シンジ「そうだ。つまり『一人』の方は、『一人』に数えてよいものどうかを迷う存在だった。だから『三人』とは咄嗟に言えなかった」


クウロ「明滅境魔フリッカーは、実在も、非実在も不確かな存在だ。それがナナコの幻視と全く同じ性質を持っているのだとしたら。彼女が見ていた世界の中に、その『一人』が本当はいたとしたら――」


クウロ「魔王はそっちだ」


◆廃墟・住宅地


シェナ「ま、間に合ったでしょうか……?」


ダリー「局長殿のあの運転で間に合わなかったら、この世の誰も間に合わねーな」


キヤズナ「……」


ルメリー「婆さんが倒れてる! 背中を刺されてんのか……!」


ルメリー「【ルメリーよりキヤズナへr u m e y r y i o k y y a s u n n a 黄金の葉 s a m u t e s m u h a 蛇の腑 n e k s e n t e s 深く二十と八 o s m a 20 t e s 8 ……】」


シェナ「手応えはどうですか? ルメリーさん」


ルメリー「微妙だ。
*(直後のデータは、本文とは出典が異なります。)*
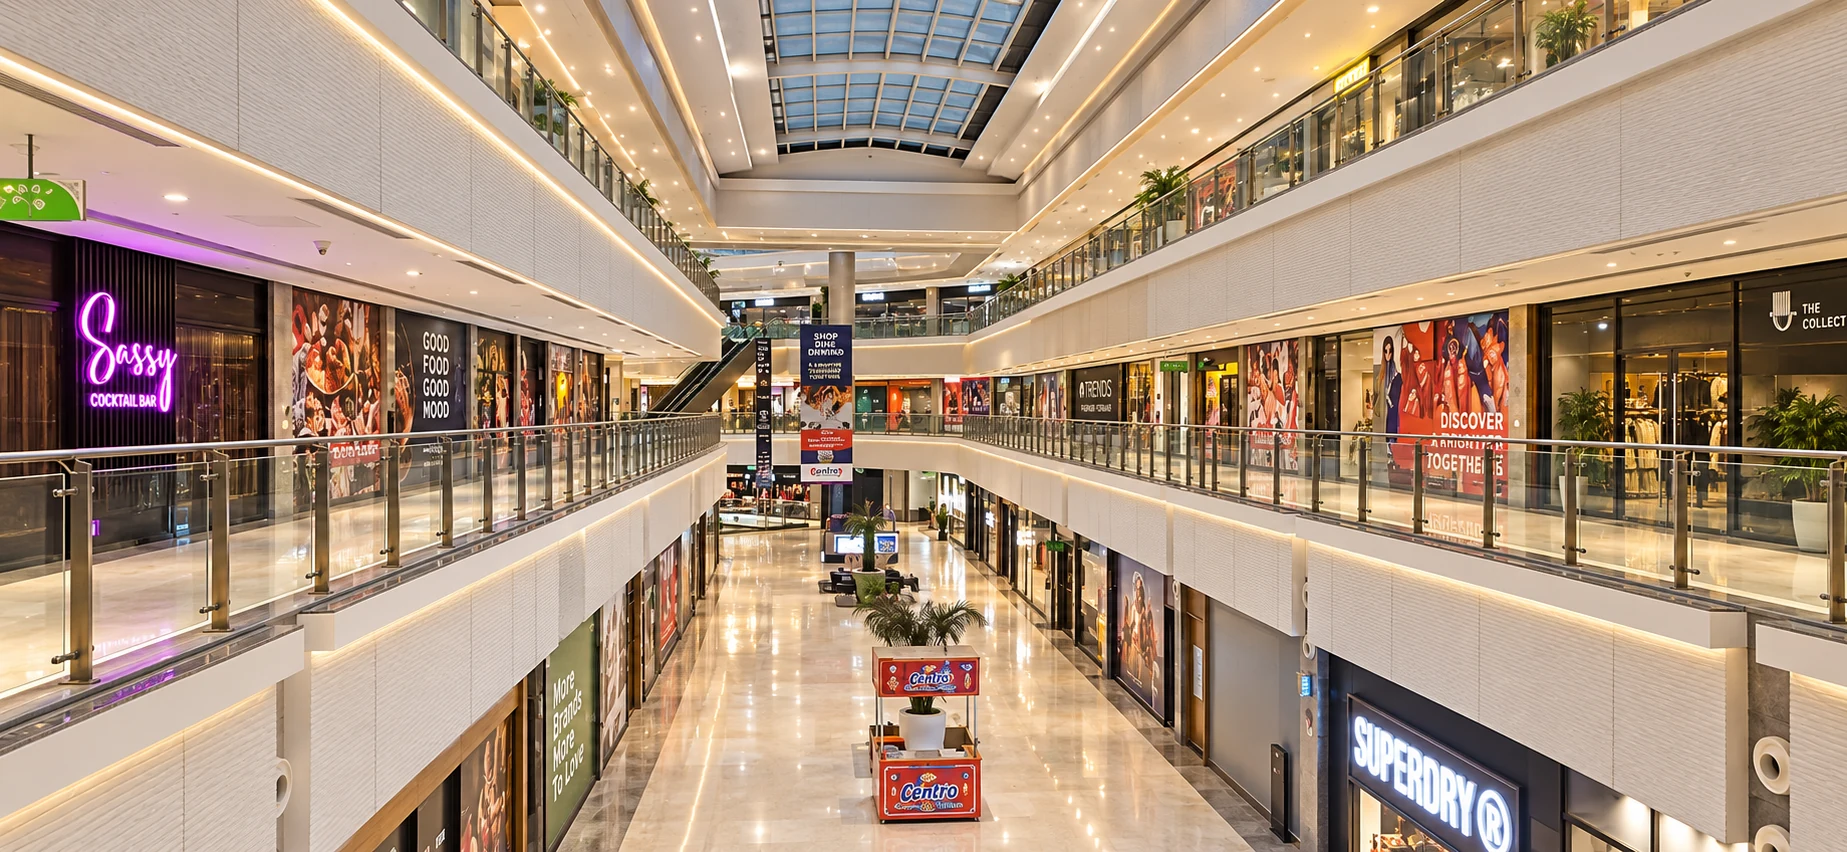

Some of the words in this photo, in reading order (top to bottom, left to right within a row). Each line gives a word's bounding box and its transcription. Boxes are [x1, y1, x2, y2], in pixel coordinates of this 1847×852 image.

そもそも少し知り合いってだけだしな、くそ……! 大出血だけギリギリ止めて、あとは専門の医師を呼んでやってもらうしかねえ」


ダリー「そもそも誰がやったんだ、こんな真似……! 婆さんがそこらの野盗や獣族に遅れを取るはずがねえ……」


ナナコ「……! ダリーさん、伏せて!」


ダリー「は?」


(斬撃音1)


白い少年「また銃を持ってる……物騒だなあ」


ダリー「……おい、こいつッ! どこから湧いて出やがった!?」


シェナ(どうして……こんなに虚界から離れているのに明滅境魔フリッカーが……!)


ルメリー「今生術を止めたら婆さんが死ぬぞ! どうすんだ!」


ナナコ「……祐貴……」


白い少年「ここは危ないよ。家に戻ろう。